24 décembre 2020
Juste à temps pour la saison des Fêtes, USA Today annonce que la Commission de la sécurité des produits de consommation (CPSC) a retiré des inspecteurs des ports à travers le pays à la mi-mars en raison de la COVID-19. La fermeture s’est poursuivie jusqu’en septembre, ce qui signifie que les inspecteurs n’étaient pas dans les ports « pendant que les cadeaux des Fêtes de cette année entraient aux États-Unis », souligne l’article.
La seule saison des Fêtes a généré 1,14 billion de dollars en 2019 et devrait en générer encore plus cette année. Les produits qui n’ont pas été inspectés pendant la fermeture sont déjà sur le marché, ou pire, achetés et cachés sous les sapins de Noël partout au pays. En conséquence, les entreprises de produits de consommation font face à des défis et des implications importants dans un avenir prévisible.
Jetons un coup d’œil à certaines des principales données et informations que nous avons recueillies lors de l’enquête de USA Today :
- La CPSC a constaté 74% de violations portuaires en plus au premier trimestre 2020 comparativement au premier trimestre 2019. Si ce rythme se poursuivait, la CPSC était sur la bonne voie avant la pandémie pour trouver près de 200 violations portuaires de plus pour l’année qu’en 2019.
- D’avril à septembre, l’agence n’a émis qu’un quart des infractions commises durant la même période en 2019.
- Les inspecteurs de la CPSC effectuaient en moyenne 3 000 inspections mensuelles dans les ports au début de l’année. En mai, ce nombre est tombé à environ 100. En août, ils en ont présenté 47.
- Les violations du plomb dans les ports sont passées d’une moyenne mensuelle de 50 à zéro au printemps dernier. La CPSC n’a signalé aucun jouet dans les ports entre juin et juillet pour des niveaux toxiques de plomb, ce qui est l’une des infractions les plus fréquentes.
- Les infractions qui ont connu une chute spectaculaire en septembre par rapport à l’an dernier incluent les jouets avec de petites pièces et les produits pour enfants contenant des niveaux dangereux de produits chimiques.
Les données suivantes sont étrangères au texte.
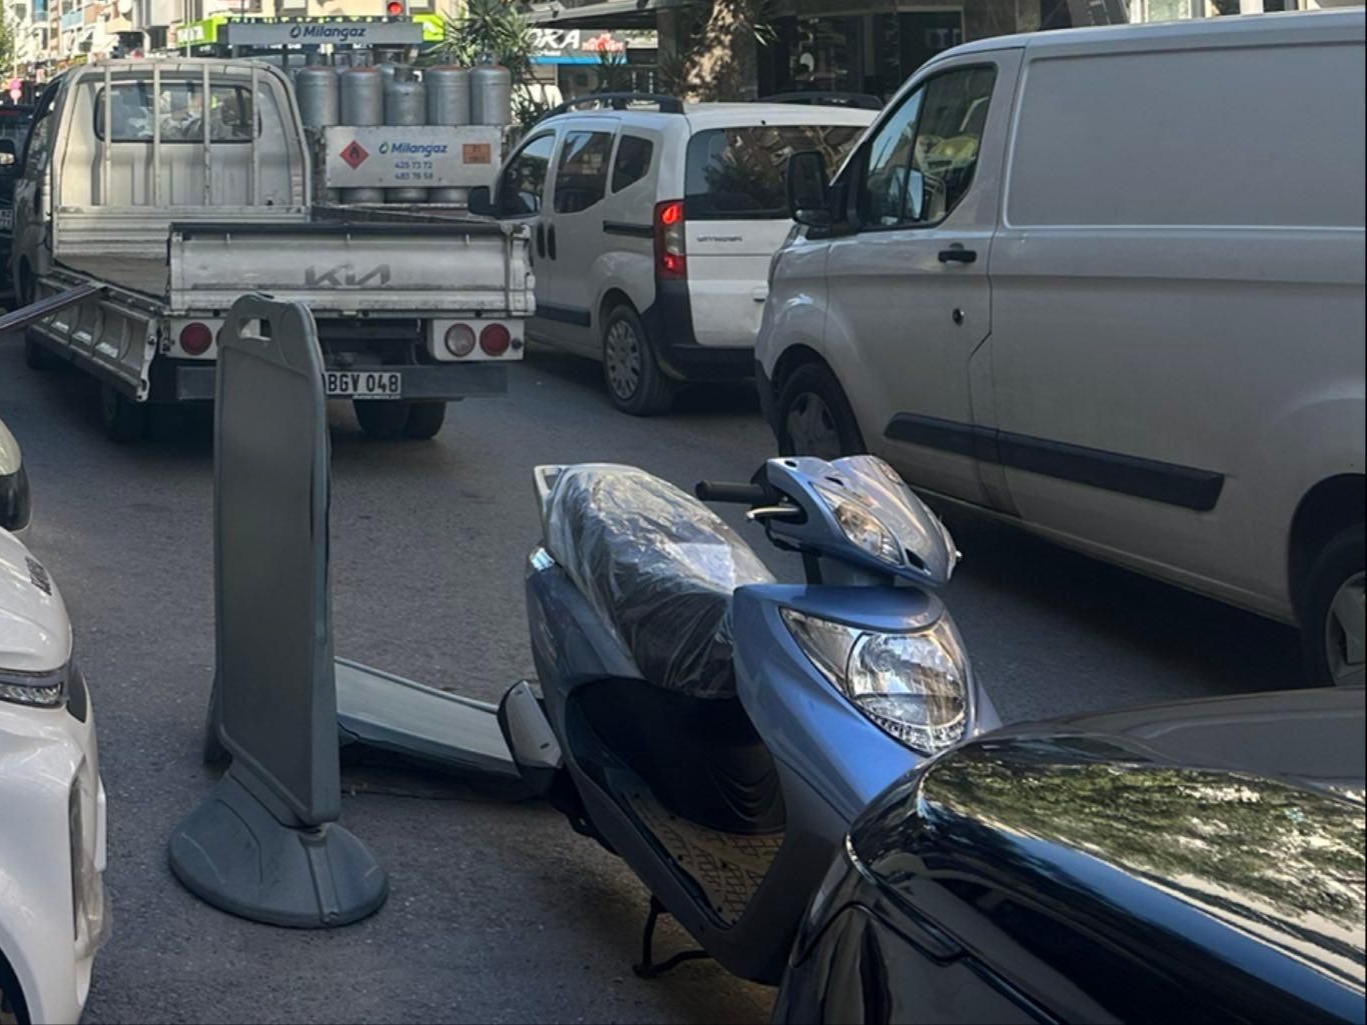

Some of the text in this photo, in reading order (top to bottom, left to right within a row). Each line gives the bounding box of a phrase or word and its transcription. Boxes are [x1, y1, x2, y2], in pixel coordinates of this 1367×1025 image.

[302, 26, 366, 42] Milangaz
[391, 142, 449, 157] Milangaz
[305, 264, 391, 286] KIA
[328, 374, 399, 393] BGV 048
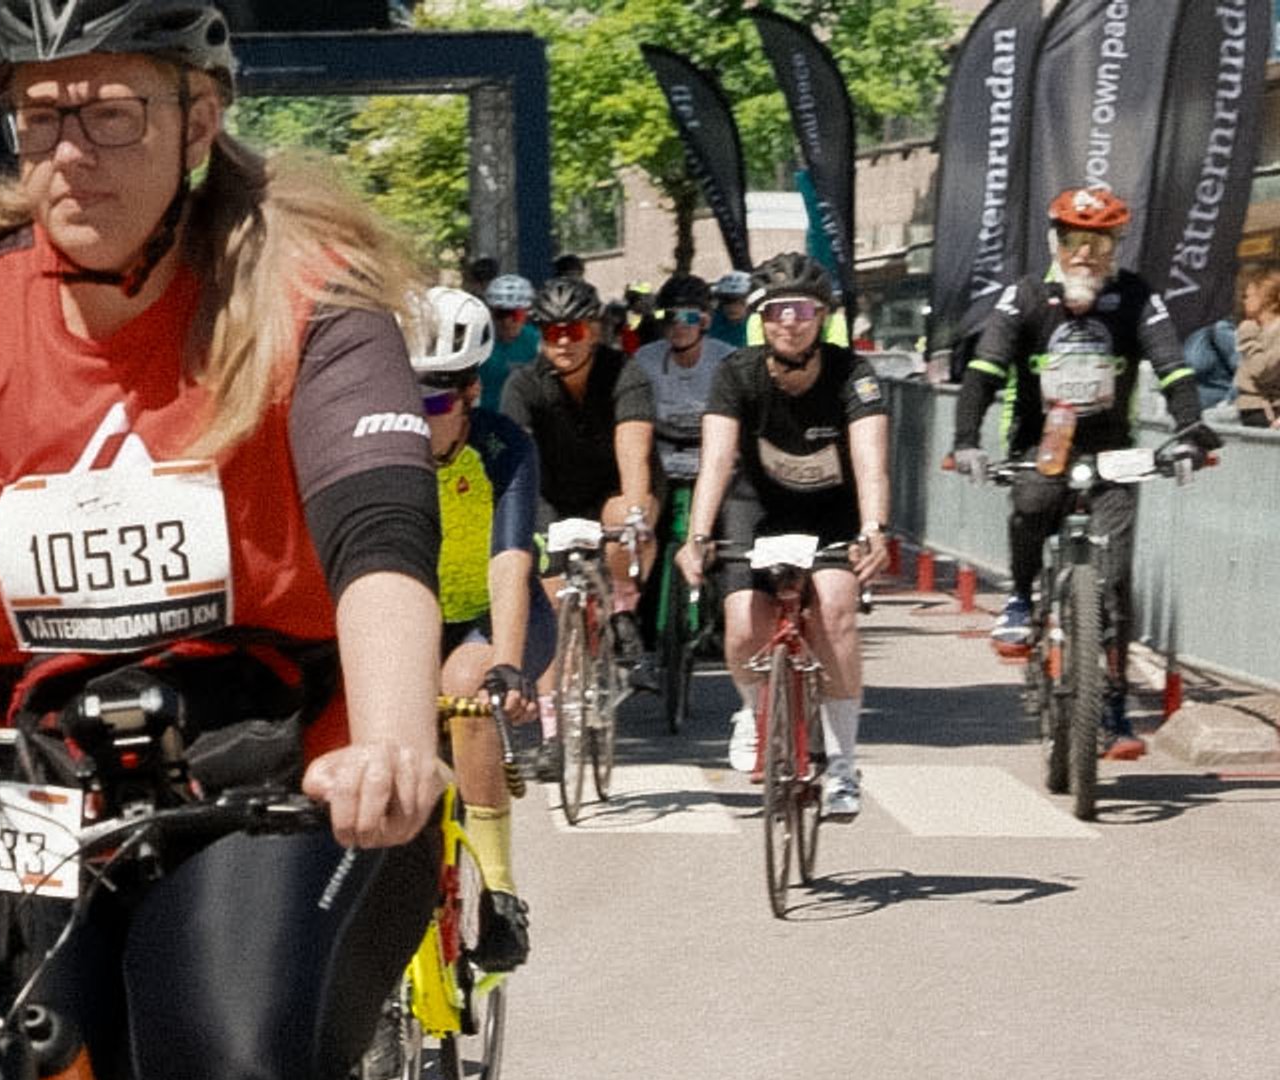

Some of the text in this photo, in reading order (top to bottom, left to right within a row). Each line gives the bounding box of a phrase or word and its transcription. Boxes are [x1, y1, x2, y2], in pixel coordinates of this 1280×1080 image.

[1101, 0, 1130, 58] pac
[1092, 63, 1122, 126] own
[1164, 0, 1247, 300] Vätternrund
[30, 520, 190, 595] 10533
- Malgré le retour des inspecteurs au travail en octobre, seulement 61 infractions ont été constatées dans les ports de Los Angeles, qui reçoivent près de 40% du total des importations de conteneurs du pays. La plupart de ces infractions concernaient des problèmes mineurs avec les jouets des enfants, comme des documents manquants et des étiquettes inadéquates. En décembre, l’agence manque toujours de personnel et est restée inactive dans cinq ports à travers le pays.
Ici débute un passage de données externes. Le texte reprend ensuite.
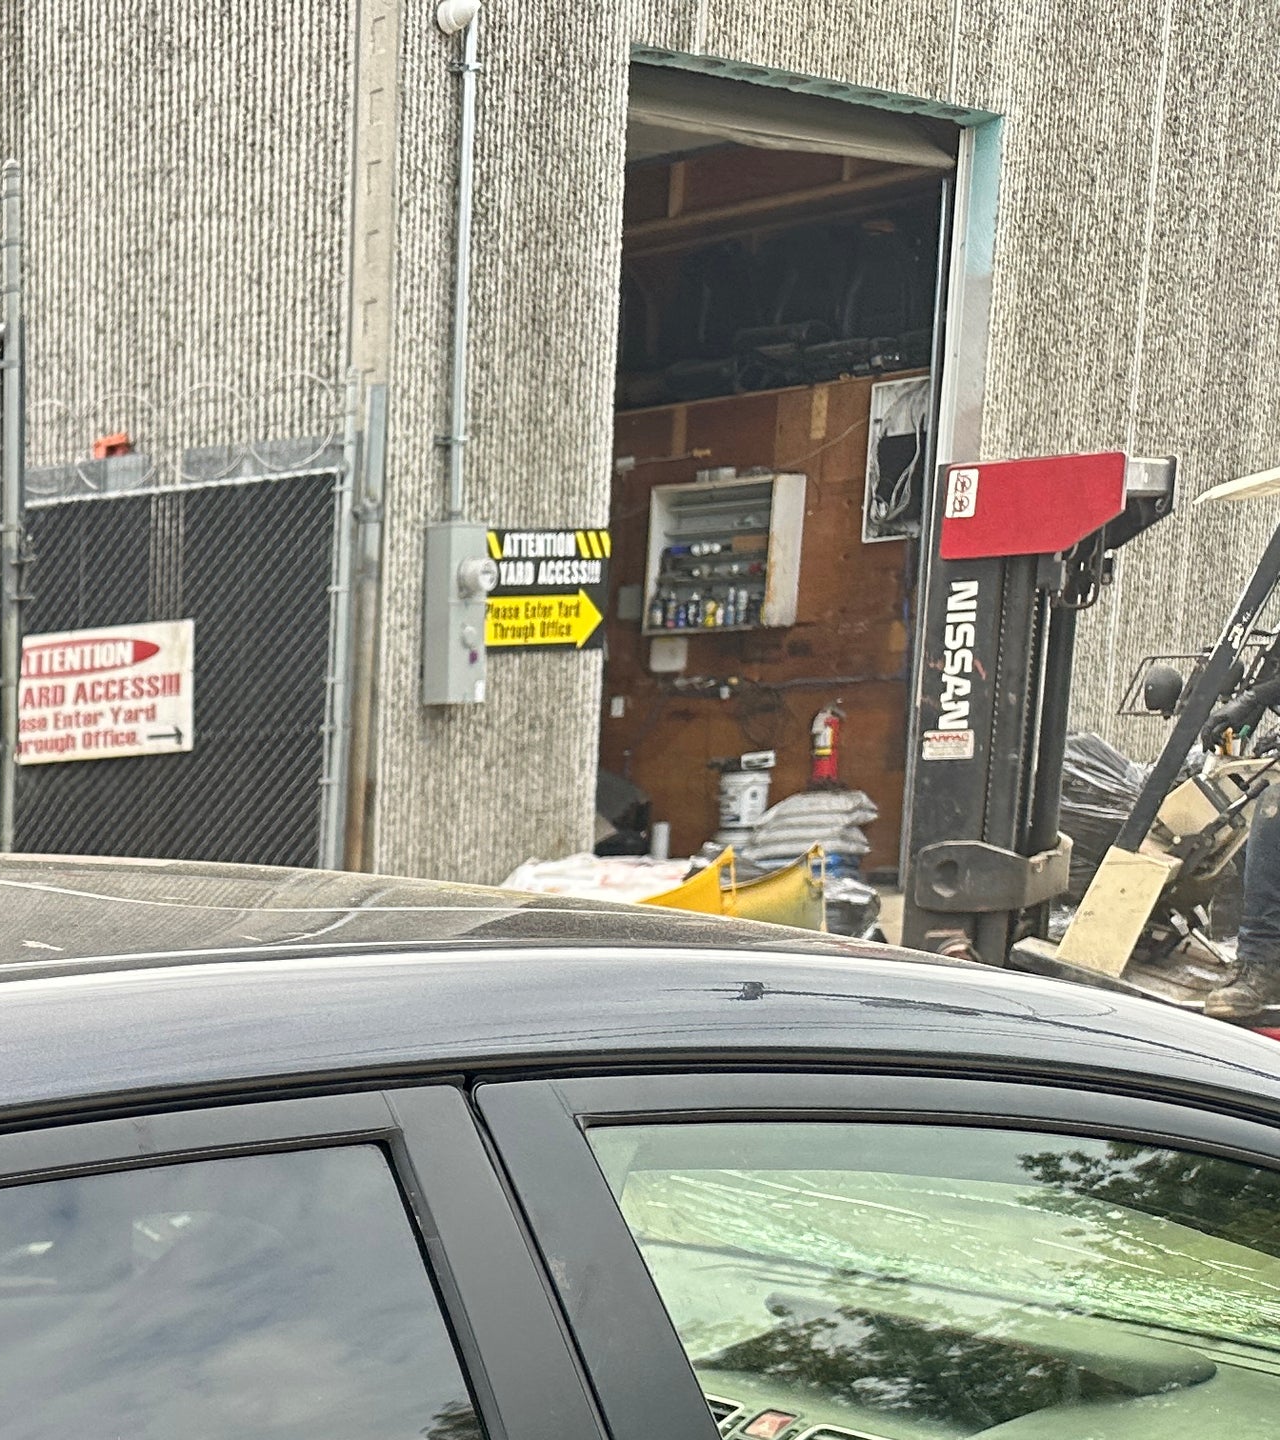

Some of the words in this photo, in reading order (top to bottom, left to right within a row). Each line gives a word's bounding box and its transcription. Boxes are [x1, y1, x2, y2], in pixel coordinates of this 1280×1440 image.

[502, 532, 577, 558] ATTENTION
[499, 560, 535, 585] YARD
[538, 559, 602, 585] ACCESS!!!
[524, 601, 553, 620] Enter
[558, 600, 581, 619] Yard
[494, 620, 535, 643] Through
[540, 620, 572, 638] Office
[22, 640, 134, 676] TTENTION
[938, 580, 979, 730] NISSAN
[23, 684, 65, 710] ARD
[53, 709, 104, 730] Enter
[110, 703, 157, 726] Yard
- Les défenseurs de la sécurité des produits de consommation exhortent les régulateurs à ramener les niveaux d’inspection des ports à la normale. L’article indique que la CPSC et Adler ont négligé d’alerter le public.
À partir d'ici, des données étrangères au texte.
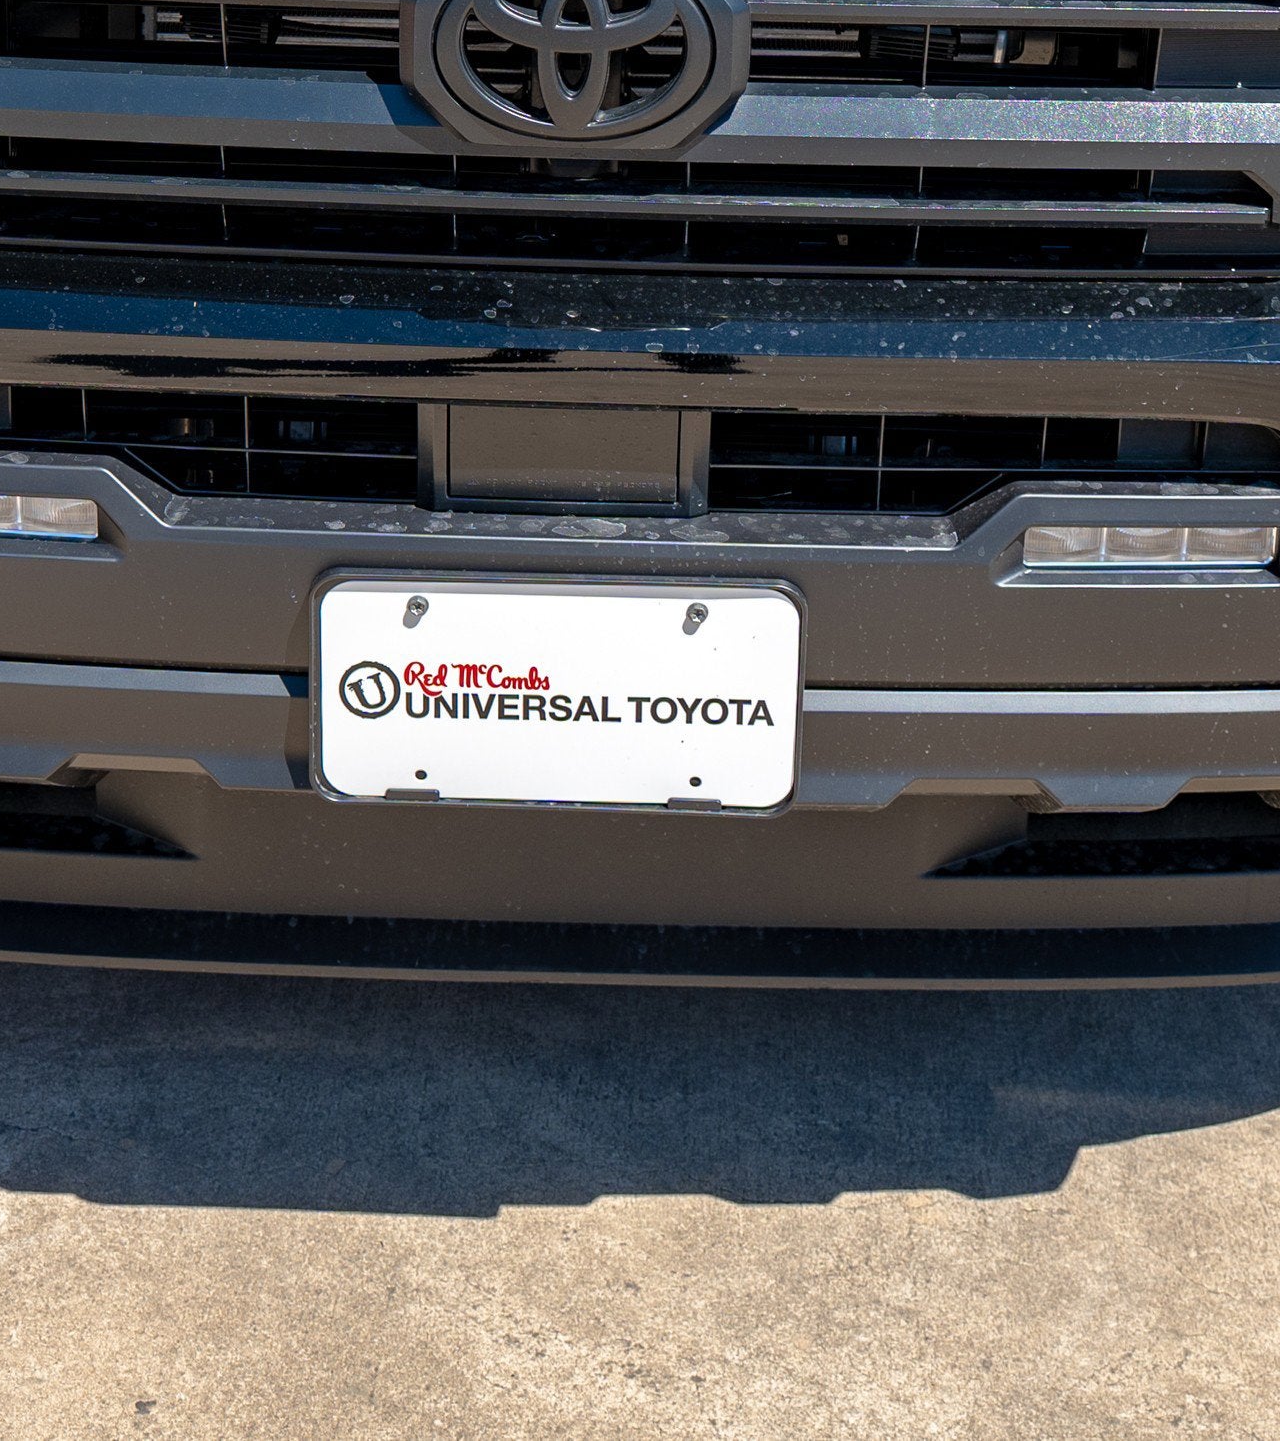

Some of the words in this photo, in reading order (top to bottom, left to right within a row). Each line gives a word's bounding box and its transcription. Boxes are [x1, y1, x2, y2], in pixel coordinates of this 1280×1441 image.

[403, 661, 448, 698] Red
[451, 662, 550, 691] McCombs
[405, 693, 622, 723] UNIVERSAL
[627, 695, 775, 727] TOYOTA
Ce que cela signifie pour les entreprises
Il ne fait aucun doute que les violations portuaires enregistrées pendant la fermeture ont considérablement diminué. Bien que ce soit une bonne nouvelle que la CPSC ait donné la priorité à la santé et à la sécurité de ses travailleurs, l’absence d’inspections signifie que les violations des produits ont peut-être échappé. Ces produits, qui pourraient mettre en danger les consommateurs, sont déjà arrivés sur le marché et sont en vente partout au pays.
Les données montrent également que les produits pour enfants ont été fortement impliqués, ce qui indique que l’attention et la surveillance des régulateurs autour de cette catégorie vont se poursuivre, voire s’intensifier.
À une époque où la peur est omniprésente, l’enquête de USA Today pourrait susciter encore plus de peur chez les consommateurs, encourager les groupes de défense des consommateurs à agir et attirer l’attention des médias. En conséquence, la pression sur les régulateurs va s’intensifier.
En combinant ces événements, il est probable que nous verrons les rappels de produits exploser alors que le monde rouvre et que les régulateurs reportent leur attention sur des entreprises qui vendent peut-être des produits défectueux qui passent inaperçus. Vos plans de crise et de rappel sont-ils prêts pour ce qui s’en vient?